Teamwork was certainly prominent among the qualities championed by those Scottish missionaries who helped popularise football around the world a century ago. Scots were at the forefront of the British Empire. Her sailors, engineers, bankers, teachers, scientists and ministers fanned out across the world and that provided a platform to spread education, capitalism, the Bible . . . and football.

‘Successful Scottish football managers are part of a much wider trend,’ said the leading Scottish historian, Professor Tom Devine, ‘It is easy to fall into what I call an “ethnic conceit”, but there’s no doubt that globally the Scots have punched above their weight in a whole variety of areas, and football management is one of them. It’s the same in medicine, in science, in engineering. They played a pre-eminent role, for better and for worse, in the empire. And remember the line “Beam me up, Scotty”? There’s significance to that. In Star Trek the only ethnic groups on Starship Enterprise, apart from the Americans, were a Russian, a Japanese and a Scot.’ If there had been an Enterprise XI, Scotty would have been the manager.

In the late 19th and early 20th centuries Scots arrived in South America, Asia and mainland Europe and taught the innovative ‘Scottish’ football style of short passing and teamwork.

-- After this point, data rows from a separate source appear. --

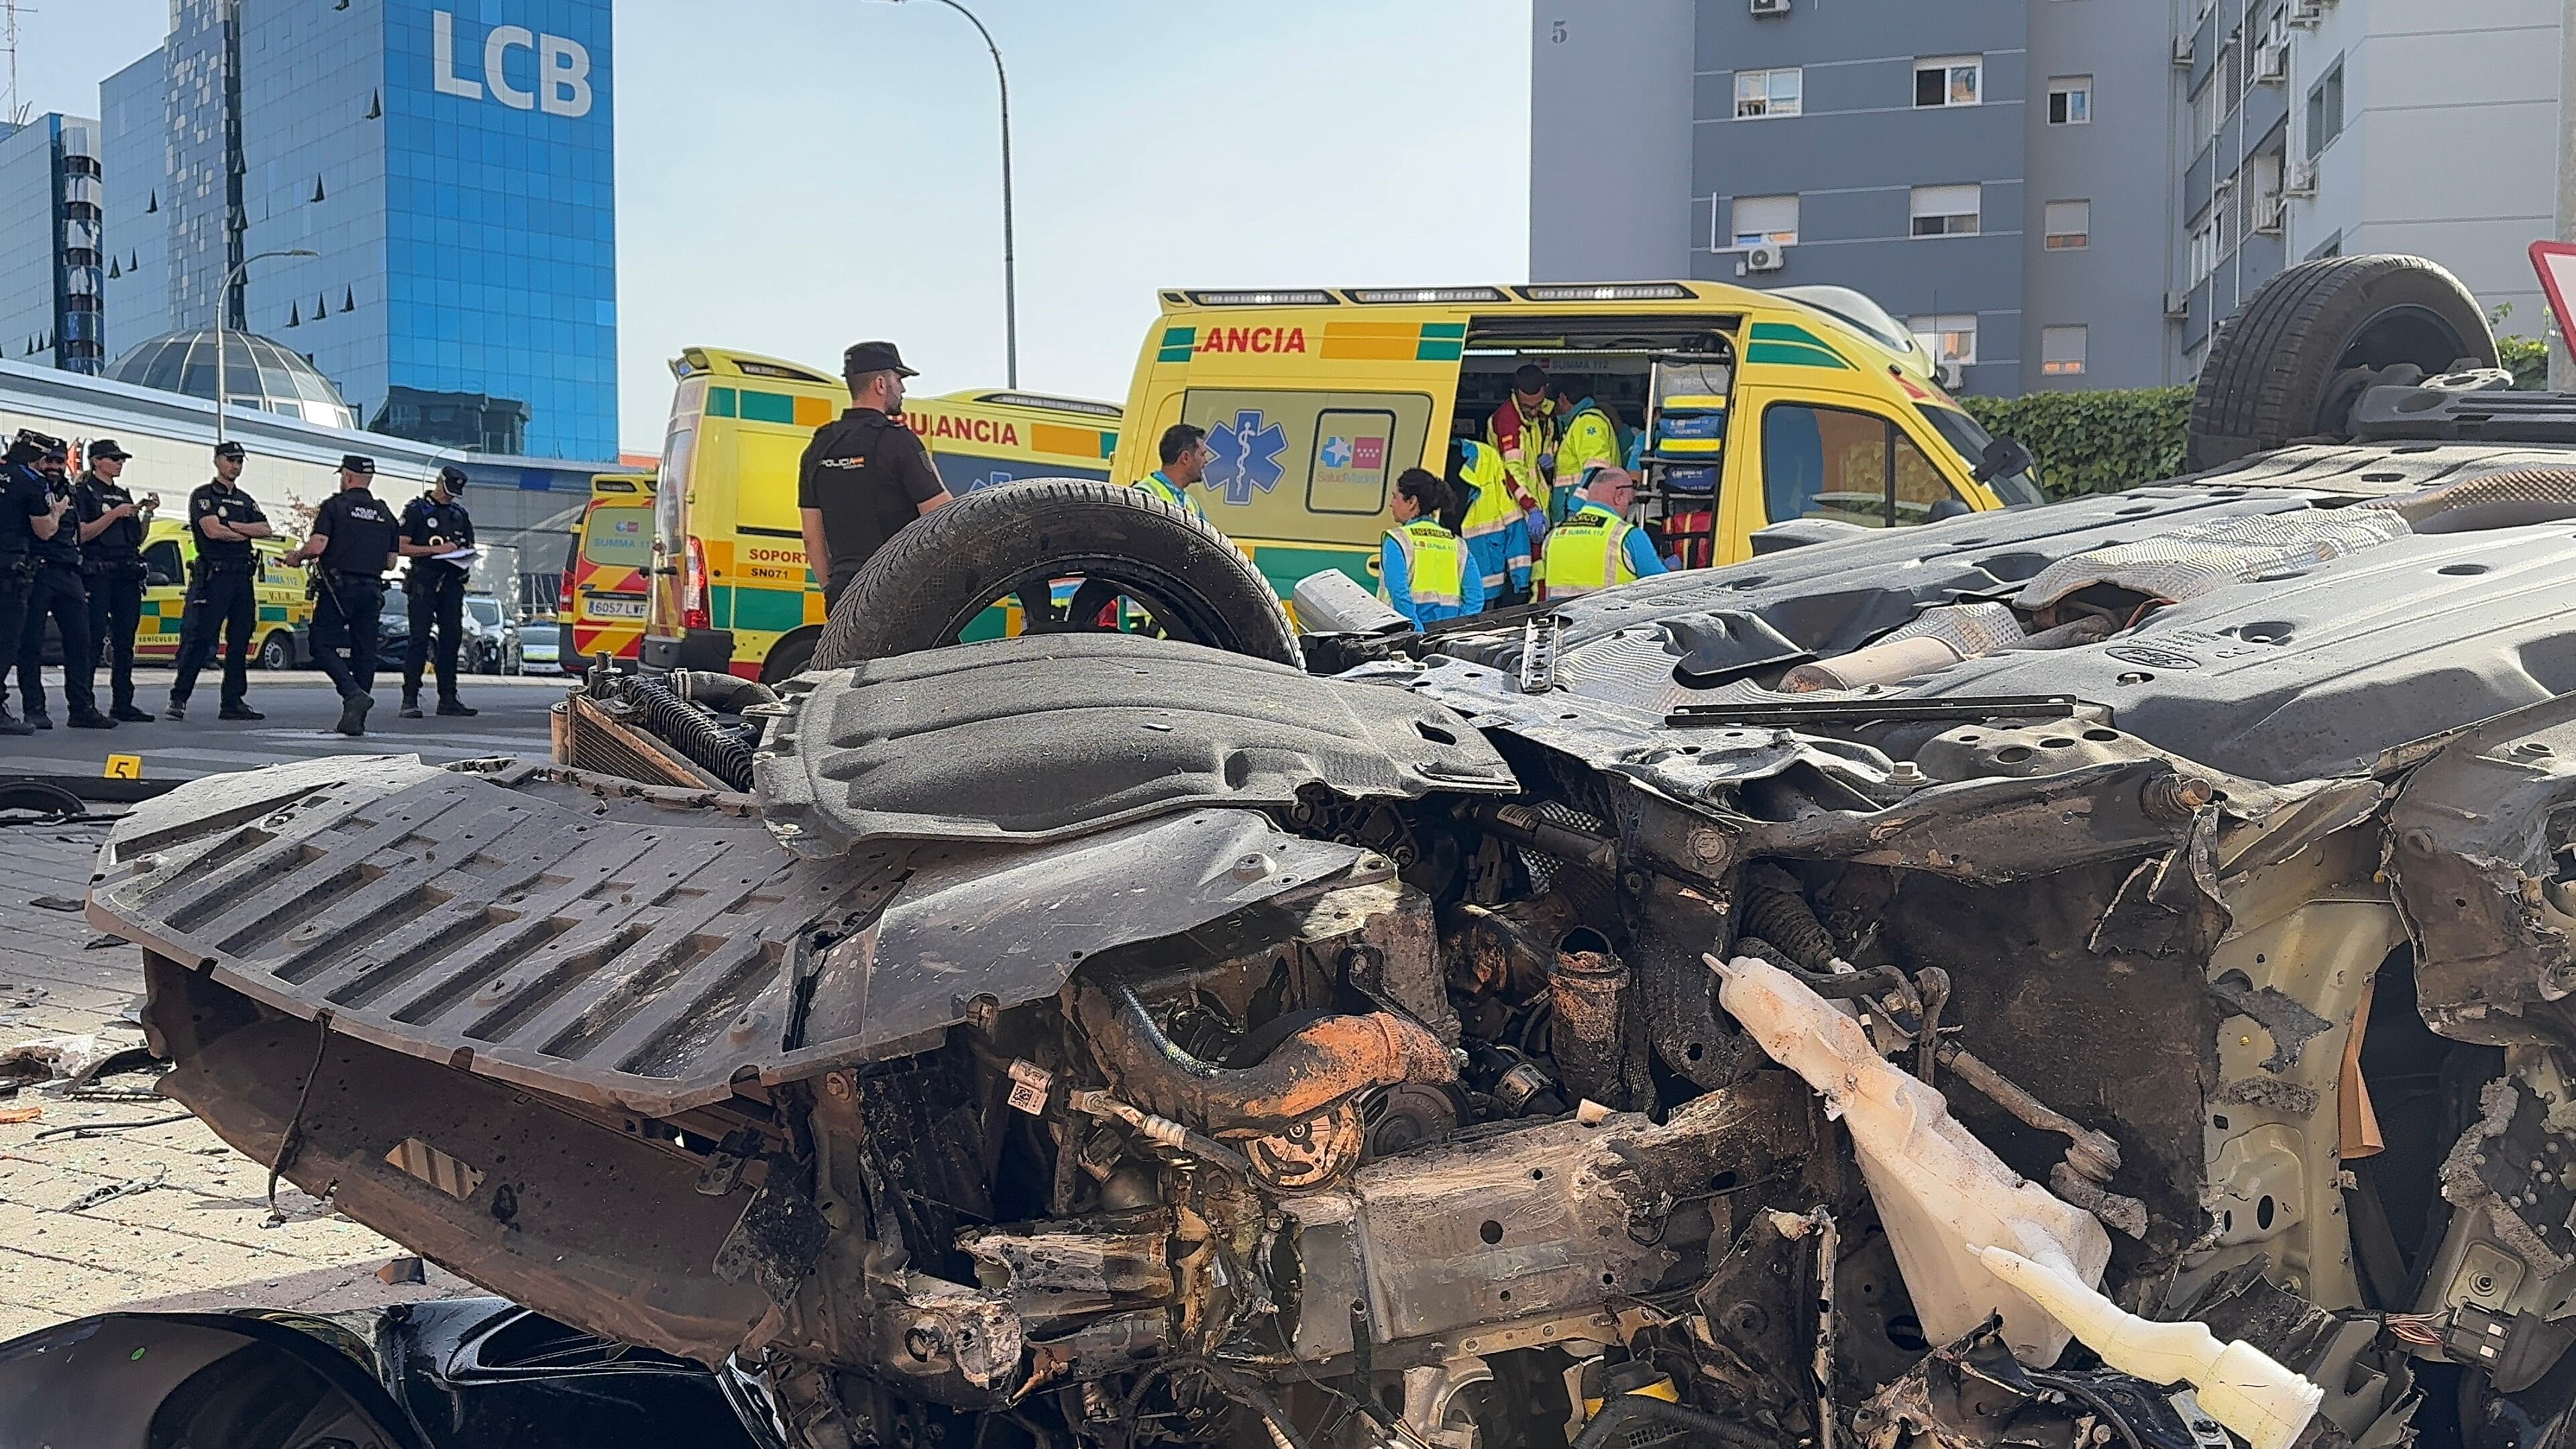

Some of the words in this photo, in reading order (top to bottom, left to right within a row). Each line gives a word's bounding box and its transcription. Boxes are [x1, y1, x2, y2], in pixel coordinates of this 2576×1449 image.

[1552, 19, 1568, 44] 5
[433, 9, 592, 118] LCB
[1193, 327, 1307, 353] ANCIA
[594, 538, 635, 548] SUMMA
[641, 539, 649, 548] 11
[749, 548, 808, 564] SOPORT
[751, 567, 788, 578] SN071
[596, 601, 623, 614] 6057
[114, 761, 129, 779] 5

At that time the game in England revolved around long kicking or players simply dribbling with the ball until they were dispossessed.

The world was receptive to Scottish ideas. They were hugely significant in establishing football as the sport of the masses in Brazil, Argentina and Uruguay, three countries which would go on to win many World Cups between them. Modern football was introduced to China by a Scot in 1879. Other Scottish coaches worked in Holland, Italy, Hungary and Czechoslovakia. And they flooded into England.

Long before the era of ‘tracksuit managers’ like Shankly and Stein, men with suits, bowler hats and Scottish accents were in charge of clubs such as Aston Villa (George Ramsay) and Blackburn Rovers (Tom Mitchell). Between 1894 and 1920 Ramsay, a Glaswegian, won six league titles and six FA Cups and Mitchell, from Dumfries, won five FA Cups. Scotland’s managerial stamp was on English football from the very beginning.

The early success of Ramsay and Mitchell and the frequency of Scotland’s victories over England in the annual international fixture meant that Scots were seen as having knowledge and understanding of the game. Over the following decades the contribution of Busby, Shankly, Stein, Ferguson and others set that reputation in stone. The modern deterioration of Scotland’s playing standards has not affected the common perception that Scots ‘know the game’.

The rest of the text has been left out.